Stored dataset items:
------------------------------

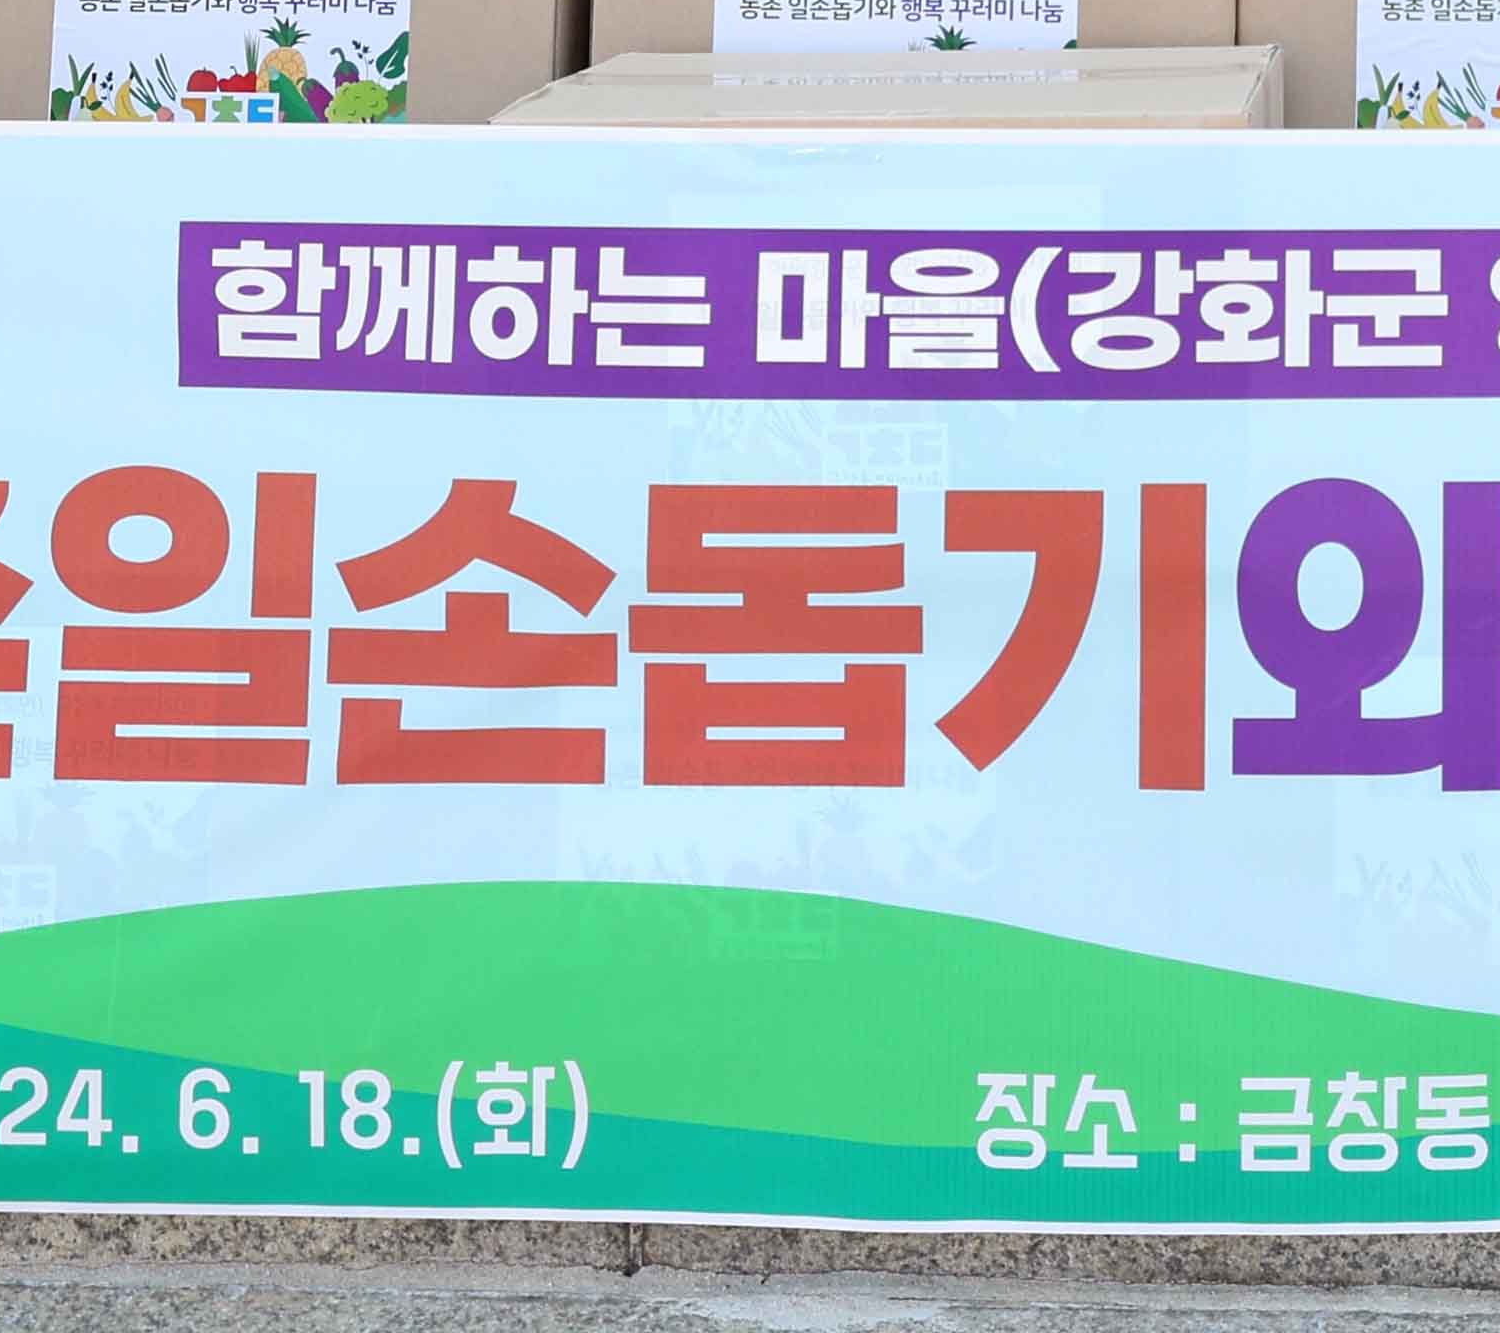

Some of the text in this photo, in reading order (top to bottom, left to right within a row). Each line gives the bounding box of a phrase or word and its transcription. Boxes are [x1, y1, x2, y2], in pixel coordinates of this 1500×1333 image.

[1020, 0, 1063, 23] 나눔
[212, 241, 710, 366] 함께하는
[757, 248, 1447, 371] 마을(강화군
[978, 1074, 1136, 1168] 장소
[1240, 1073, 1489, 1170] 금창동
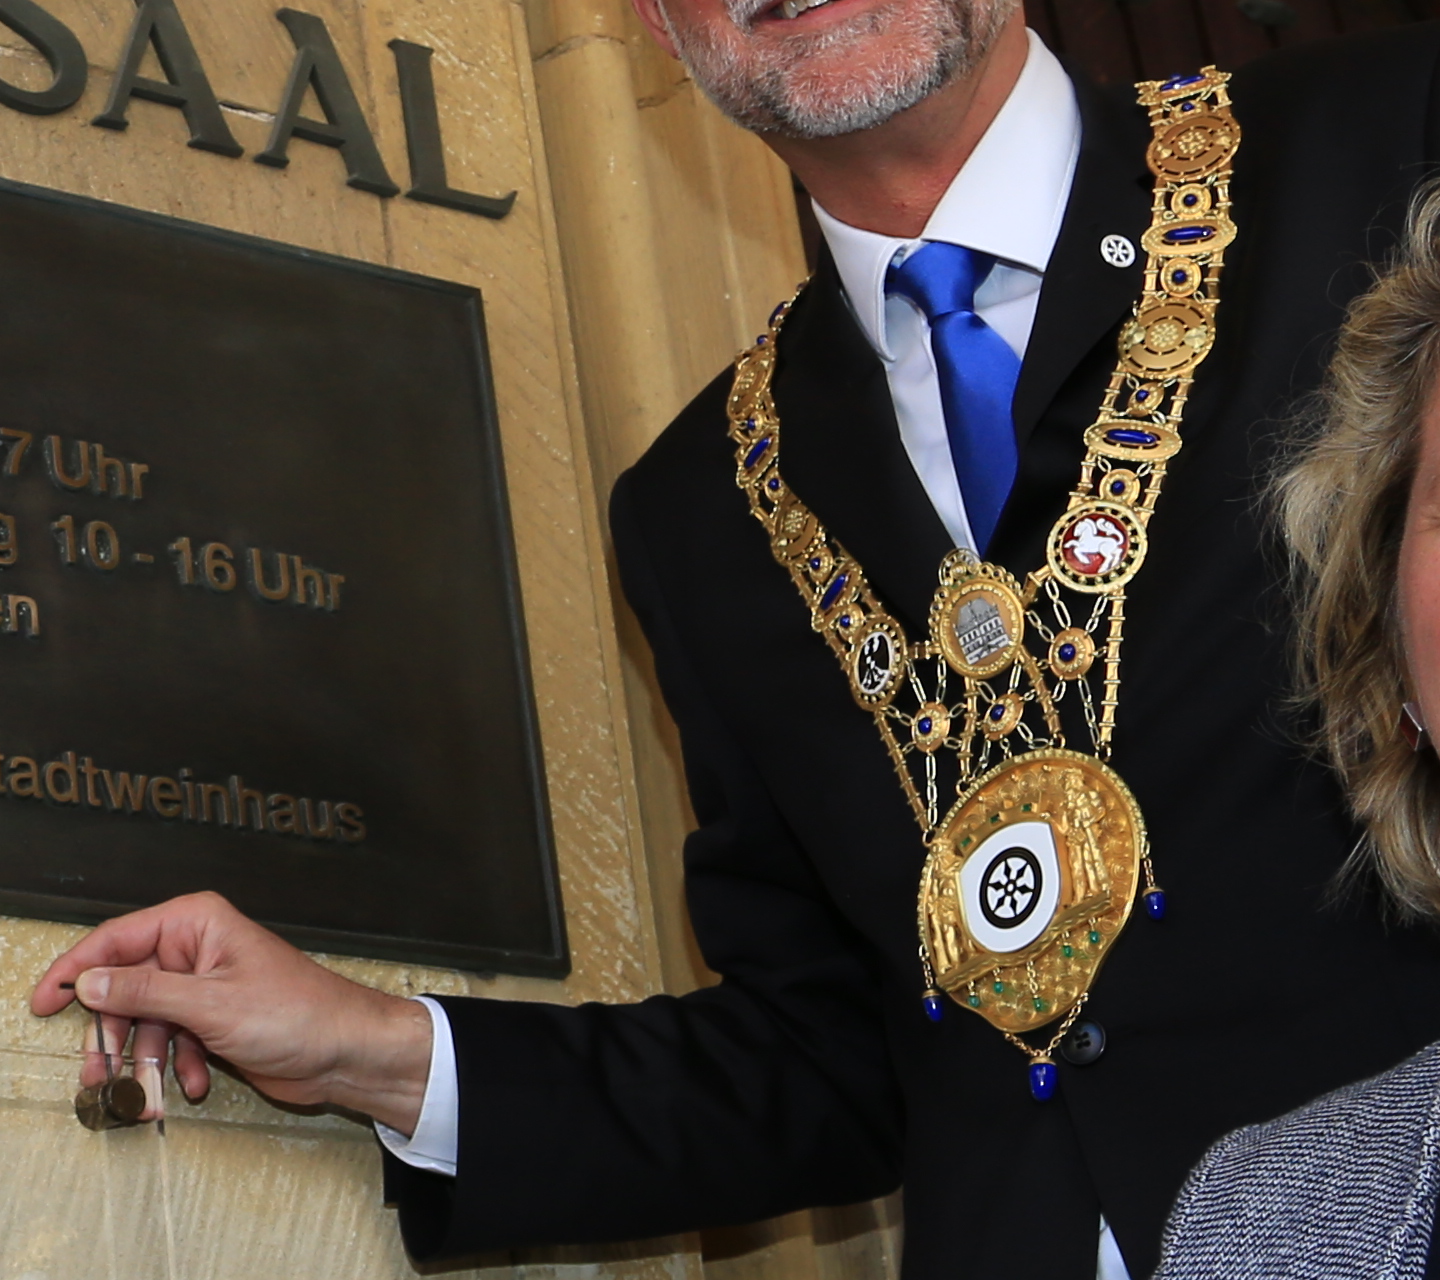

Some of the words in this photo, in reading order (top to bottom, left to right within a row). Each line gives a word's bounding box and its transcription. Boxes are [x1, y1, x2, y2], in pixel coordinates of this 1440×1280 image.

[45, 434, 149, 500] Uhr
[51, 515, 120, 571] 10
[169, 536, 238, 591] 16
[246, 547, 346, 611] Uhr

------------------------------

■ **Exercise details**
Please repeat each line above exactly as it appears, but omit the pictures.

■ **Answer to this problem**
Some of the text in this photo, in reading order (top to bottom, left to right within a row). Each line gives the bounding box of a phrase or word and its transcription. Boxes are [x1, y1, x2, y2], in pixel coordinates of this 1500×1333 image.

[1020, 0, 1063, 23] 나눔
[212, 241, 710, 366] 함께하는
[757, 248, 1447, 371] 마을(강화군
[978, 1074, 1136, 1168] 장소
[1240, 1073, 1489, 1170] 금창동

Some of the words in this photo, in reading order (top to bottom, left to right within a row). Each line gives a word's bounding box and its transcription. Boxes are [x1, y1, x2, y2], in pixel coordinates of this 1440×1280 image.

[45, 434, 149, 500] Uhr
[51, 515, 120, 571] 10
[169, 536, 238, 591] 16
[246, 547, 346, 611] Uhr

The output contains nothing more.